U.S. District Judge James Boasberg held a hearing earlier this month to give the U.S. Army Corps of Engineers an opportunity to explain whether oil should continue to flow during its study, after an appeals panel upheld Boasberg’s ruling that the pipeline was operating without a key federal permit. The Corps instead told the judge it wasn’t sure if it should be shut down.
The decision not to intervene came as a bitter disappointment to Standing Rock, other tribes involved in the lawsuit and environmental groups. Even the judge appeared to be taken aback when the Corps opted to shrug it shoulders.
“I too am a little surprised that this is where things stand 60 days later,” Boasberg said at hearing, referring to the three months he gave the Biden administration to catch up on proceedings. “I would have thought there would be a decision one way or another at this point.”
Boasberg said in a one sentence order filed late Monday that the Corps has until May 3 to tell him when it expects the environmental review to be completed and give “its position, if it has one,” on whether the pipeline should be shut down. The Corps said earlier it expected the review to be done by March 2022.

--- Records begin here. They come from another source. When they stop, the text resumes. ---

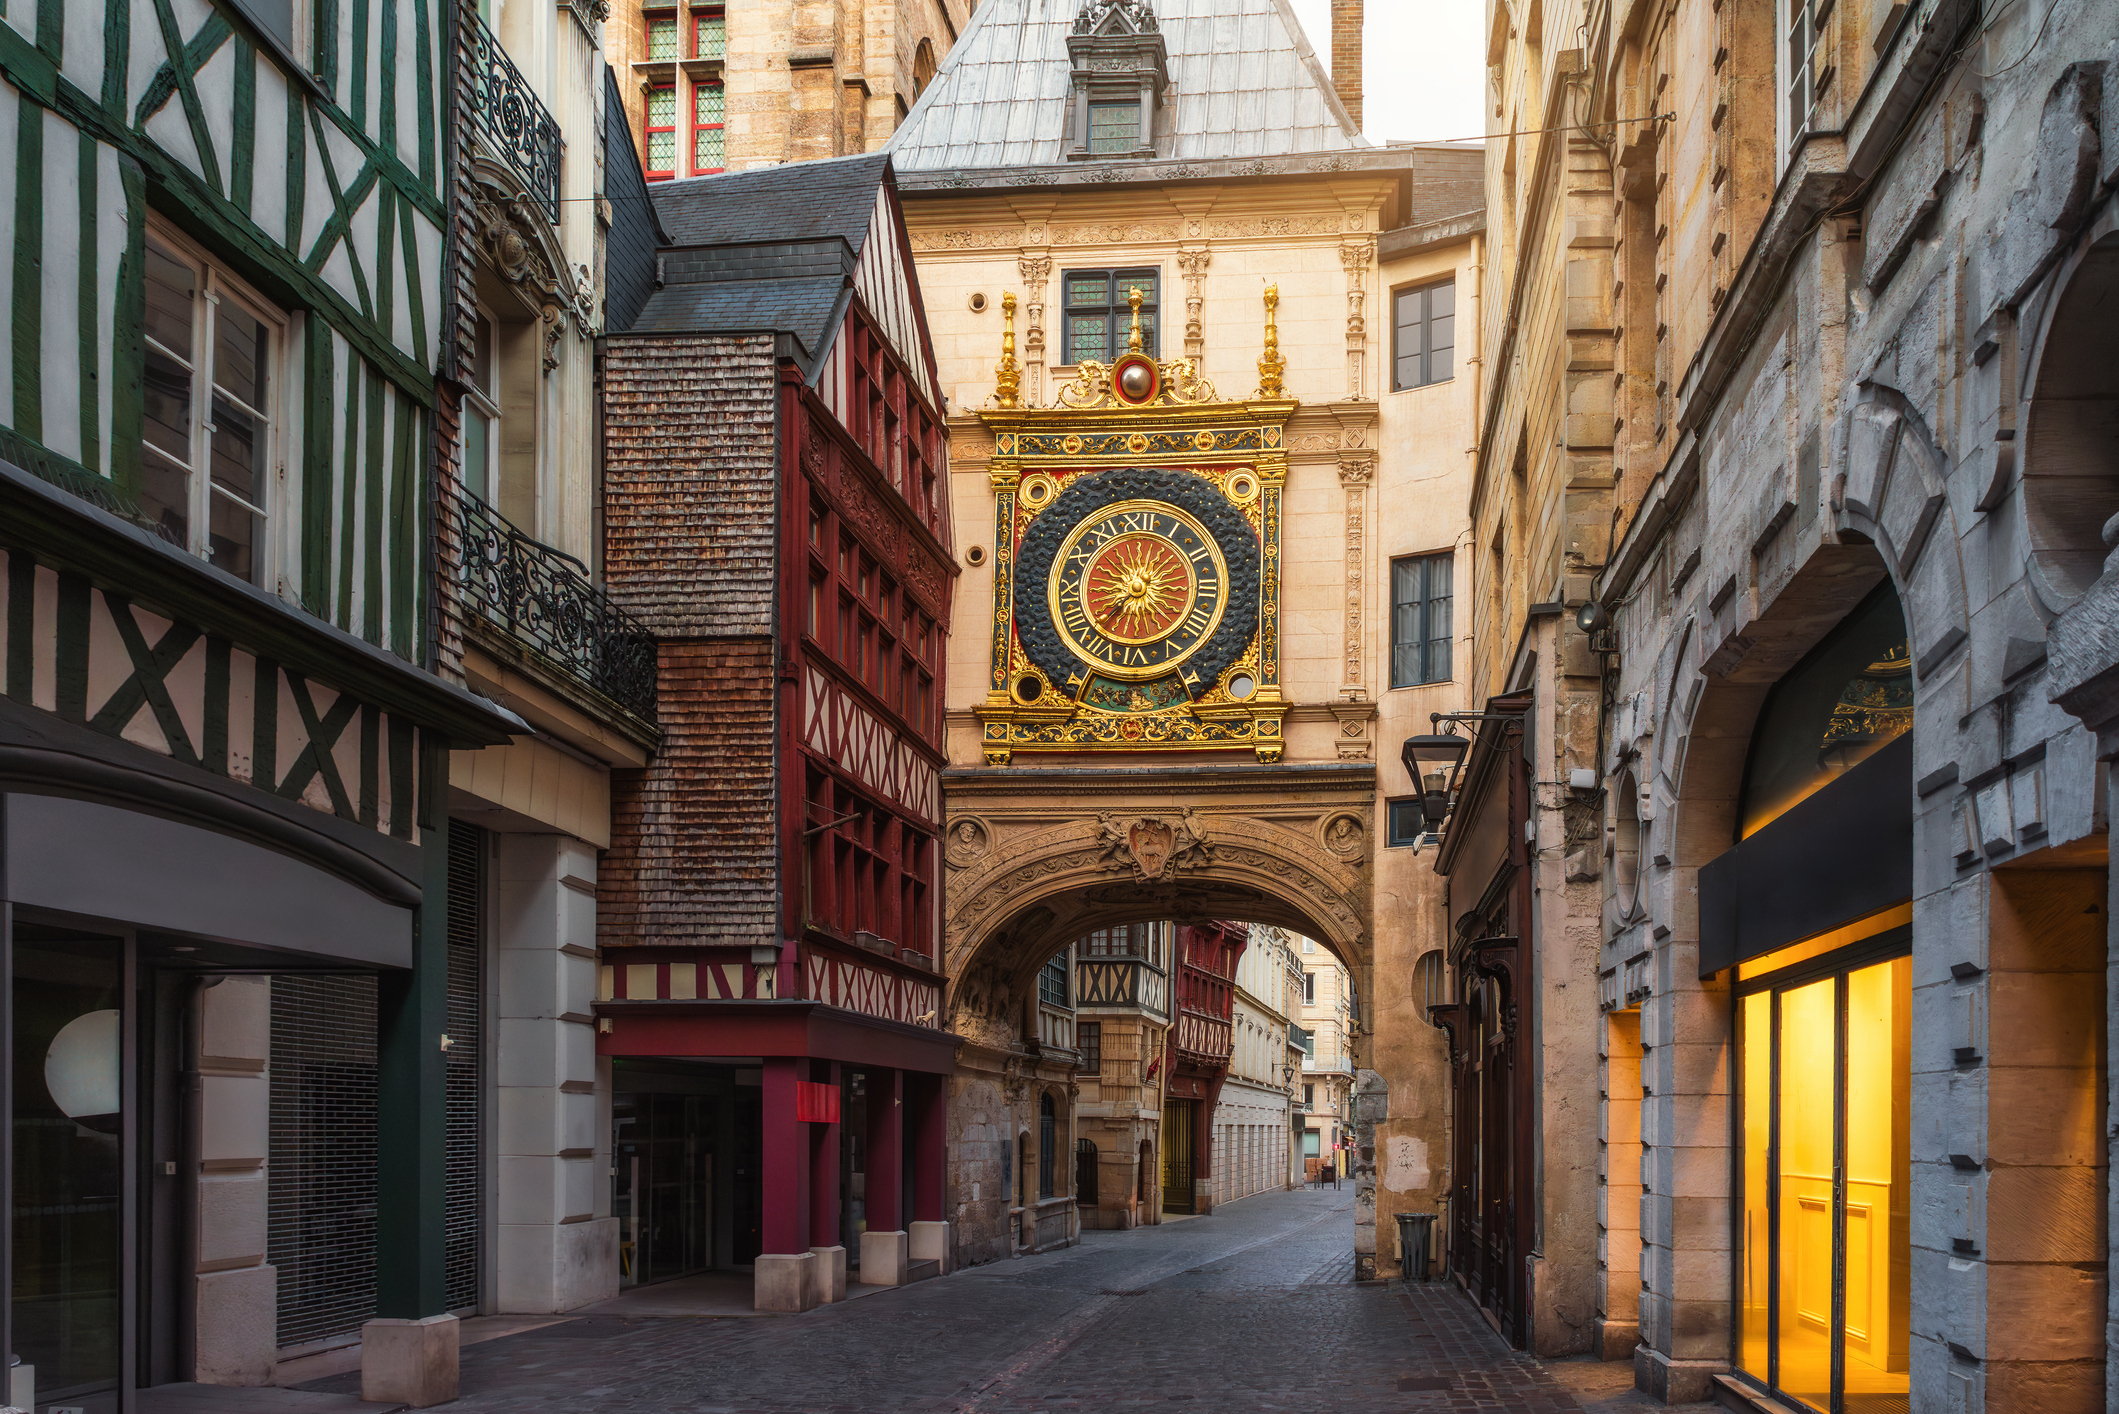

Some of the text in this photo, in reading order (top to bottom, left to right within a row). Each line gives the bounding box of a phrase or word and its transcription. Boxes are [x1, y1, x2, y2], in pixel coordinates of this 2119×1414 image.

[1090, 519, 1118, 546] XI
[1122, 513, 1155, 531] XII
[1168, 522, 1180, 538] I
[1069, 545, 1091, 568] X
[1189, 546, 1209, 563] II
[1061, 579, 1079, 603] IX
[1199, 579, 1217, 598] III
[1063, 607, 1090, 644] VIII
[1183, 608, 1210, 637] IIII
[1086, 635, 1113, 662] VII
[1123, 647, 1148, 665] VI
[1165, 639, 1183, 658] V

Attorneys for the pipeline’s Texas-based owner, Energy Transfer, have argued that shuttering the pipeline now that economic conditions are improving would cause a major financial hit to several entities, including North Dakota, and the Mandan, Hidatsa and Arikara Nation located in the state’s oil patch.
Attorneys for Standing Rock, which straddles the North and South Dakota border, and other tribes said in court documents that Dakota Access is exaggerating the economic losses. And no matter what the true figure is, Standing Rock said, it should not come at the expense of other tribes “especially when the law has not been followed.”
The $3.8 billion, 1,172-mile (1,886-kilometer) pipeline was the subject of months of protests in 2016 and 2017, sometimes violent, during its construction. Standing Rock continued to press legal challenges against the pipeline even after it began carrying oil from North Dakota across South Dakota and Iowa to a shipping point in Illinois in June 2017.